TASK BRIEF ▸ When the data below is printed, every line must match exactly and the images must be absent.

DATA TO EXAMINE ▸
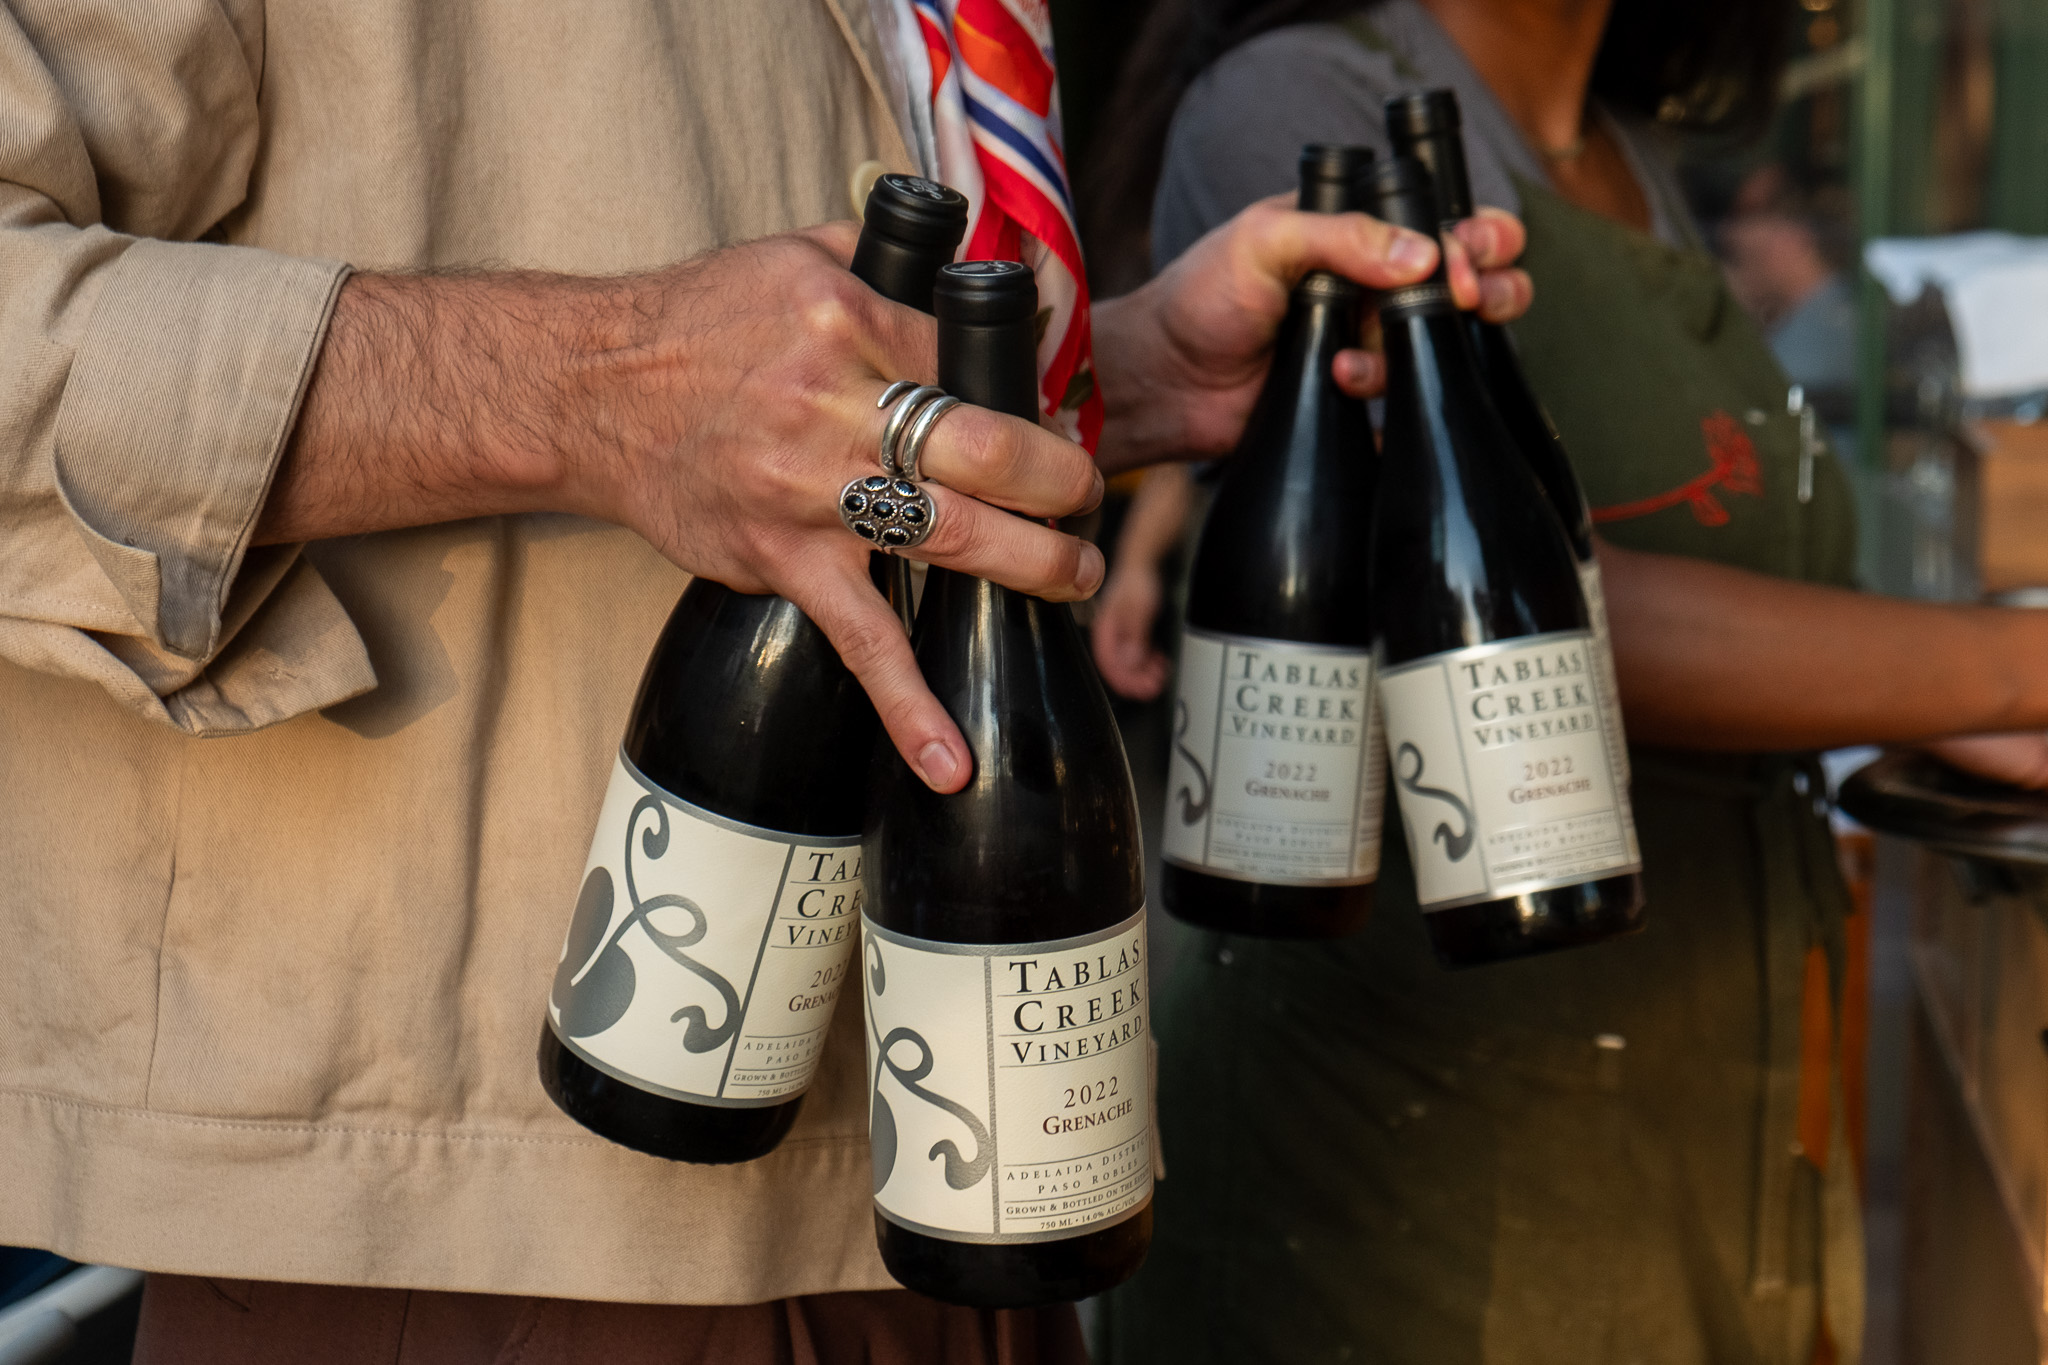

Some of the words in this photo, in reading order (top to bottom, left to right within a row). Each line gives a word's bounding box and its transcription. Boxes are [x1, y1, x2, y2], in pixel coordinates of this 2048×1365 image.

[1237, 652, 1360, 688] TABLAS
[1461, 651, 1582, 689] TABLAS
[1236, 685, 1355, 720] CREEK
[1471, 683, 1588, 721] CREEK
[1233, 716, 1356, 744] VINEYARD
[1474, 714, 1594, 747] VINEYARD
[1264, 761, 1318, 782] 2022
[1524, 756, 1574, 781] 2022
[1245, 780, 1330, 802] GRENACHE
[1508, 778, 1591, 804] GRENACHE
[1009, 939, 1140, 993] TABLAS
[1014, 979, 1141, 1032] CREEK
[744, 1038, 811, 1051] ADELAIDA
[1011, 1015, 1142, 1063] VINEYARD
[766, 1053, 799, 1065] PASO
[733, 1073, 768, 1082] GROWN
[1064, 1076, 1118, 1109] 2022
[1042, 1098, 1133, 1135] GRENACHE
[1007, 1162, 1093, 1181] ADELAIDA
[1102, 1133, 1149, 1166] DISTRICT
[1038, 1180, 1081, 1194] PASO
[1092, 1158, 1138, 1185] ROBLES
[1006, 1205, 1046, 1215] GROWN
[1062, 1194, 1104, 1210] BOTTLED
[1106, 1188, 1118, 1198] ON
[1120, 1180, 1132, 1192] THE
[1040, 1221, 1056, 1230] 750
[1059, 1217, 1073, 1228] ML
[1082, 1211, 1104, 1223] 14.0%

ANSWER BOX ▸
Some of the words in this photo, in reading order (top to bottom, left to right within a row). Each line gives a word's bounding box and its transcription. Boxes are [x1, y1, x2, y2], in pixel coordinates of this 2048×1365 image.

[1237, 652, 1360, 688] TABLAS
[1461, 651, 1582, 689] TABLAS
[1236, 685, 1355, 720] CREEK
[1471, 683, 1588, 721] CREEK
[1233, 716, 1356, 744] VINEYARD
[1474, 714, 1594, 747] VINEYARD
[1264, 761, 1318, 782] 2022
[1524, 756, 1574, 781] 2022
[1245, 780, 1330, 802] GRENACHE
[1508, 778, 1591, 804] GRENACHE
[1009, 939, 1140, 993] TABLAS
[1014, 979, 1141, 1032] CREEK
[744, 1038, 811, 1051] ADELAIDA
[1011, 1015, 1142, 1063] VINEYARD
[766, 1053, 799, 1065] PASO
[733, 1073, 768, 1082] GROWN
[1064, 1076, 1118, 1109] 2022
[1042, 1098, 1133, 1135] GRENACHE
[1007, 1162, 1093, 1181] ADELAIDA
[1102, 1133, 1149, 1166] DISTRICT
[1038, 1180, 1081, 1194] PASO
[1092, 1158, 1138, 1185] ROBLES
[1006, 1205, 1046, 1215] GROWN
[1062, 1194, 1104, 1210] BOTTLED
[1106, 1188, 1118, 1198] ON
[1120, 1180, 1132, 1192] THE
[1040, 1221, 1056, 1230] 750
[1059, 1217, 1073, 1228] ML
[1082, 1211, 1104, 1223] 14.0%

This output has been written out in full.